Depuis quelques années le phénomène de départ massif des militaires couplé à des difficultés de recrutement s'impose comme une réalité concrète qui ne peut plus être niée.
La baisse des effectifs concernant les non officiers était une donnée déjà reconnue par le ministère des armées mais cette fois le rapport publié le 15 septembre 2023 par le haut comité d'évaluation de la condition militaire (HCECM) sur les officiers fait état d'une désaffection croissante des officiers qui quittent de plus en plus tôt l'Institution.
Des conditions de travail difficile et un manque de soutien matériel engendrent la remise en cause de l'engagement des officiers tandis que le ministère des armées mais aussi la Gendarmerie nationale doivent tenir des objectifs ambitieux fixés par la loi de programmation militaire 2024/2030.

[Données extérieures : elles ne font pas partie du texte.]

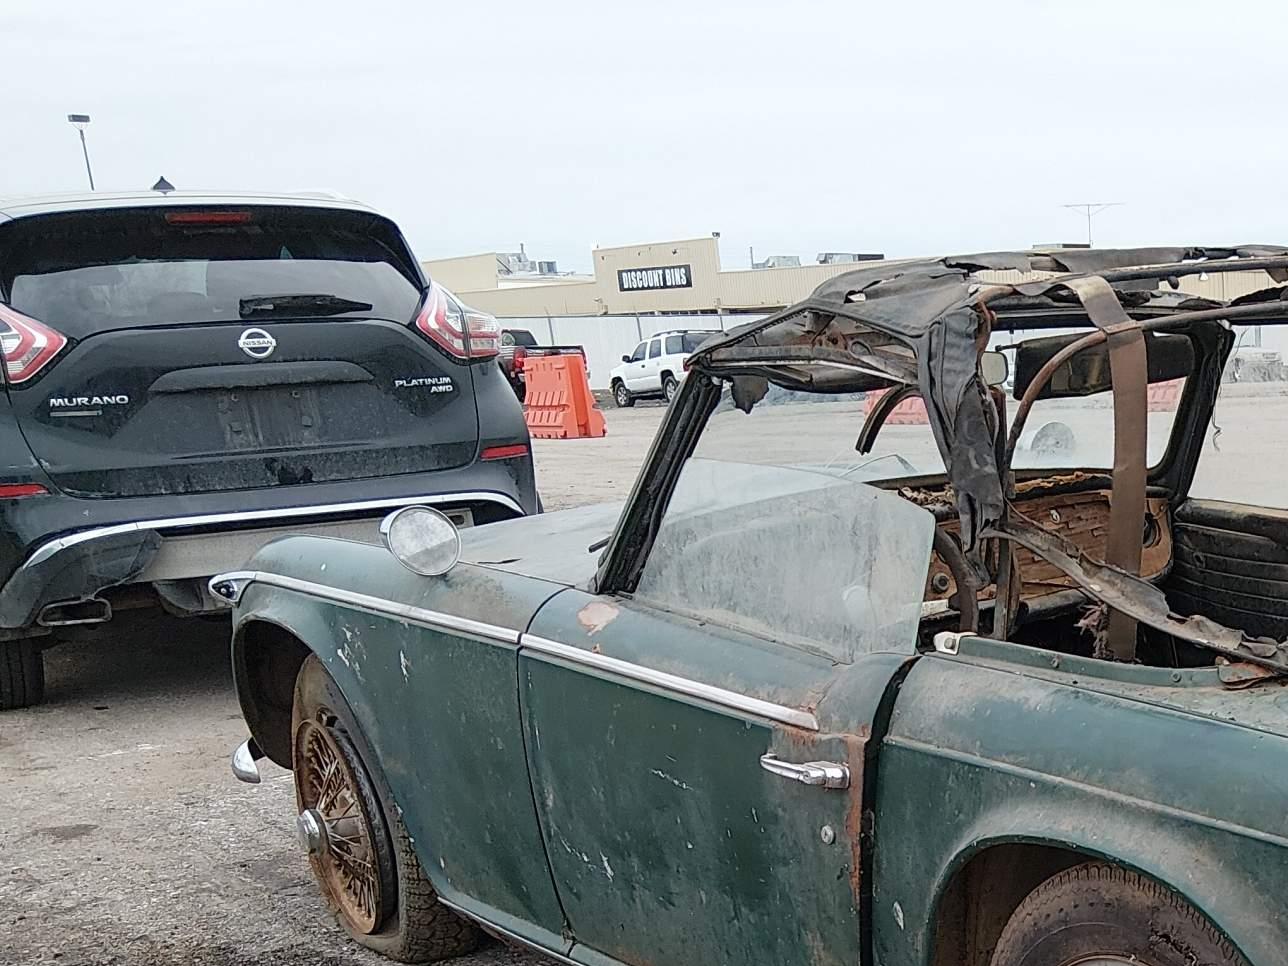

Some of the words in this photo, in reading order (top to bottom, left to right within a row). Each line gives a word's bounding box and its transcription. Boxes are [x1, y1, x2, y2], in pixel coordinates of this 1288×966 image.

Une réflexion intéressante sur l'adéquation du statut militaire avec l'évolution de la société et des attentes des militaires qui ne sont pas suffisamment entendues et des évolutions trop lentes face au défi du recrutement et de la fidélisation des militaires.
Le HCECM rappelle que les forces armées comptaient 40.000 officiers en 2021 correspondant à 13% de l'effectif total des armées avec une grande disparité dans le mode de recrutement.
En effet, les officiers sont majoritairement de carrière au sein de la Gendarmerie Nationale tandis que les autres forces armées et notamment l'Armée de l'air et l'Armée de terre comptent plus de 50% d'officiers recrutés sous contrat avec comme corollaire, une évolution aux grades supérieurs beaucoup plus limités et surtout des contrats arrivant à terme.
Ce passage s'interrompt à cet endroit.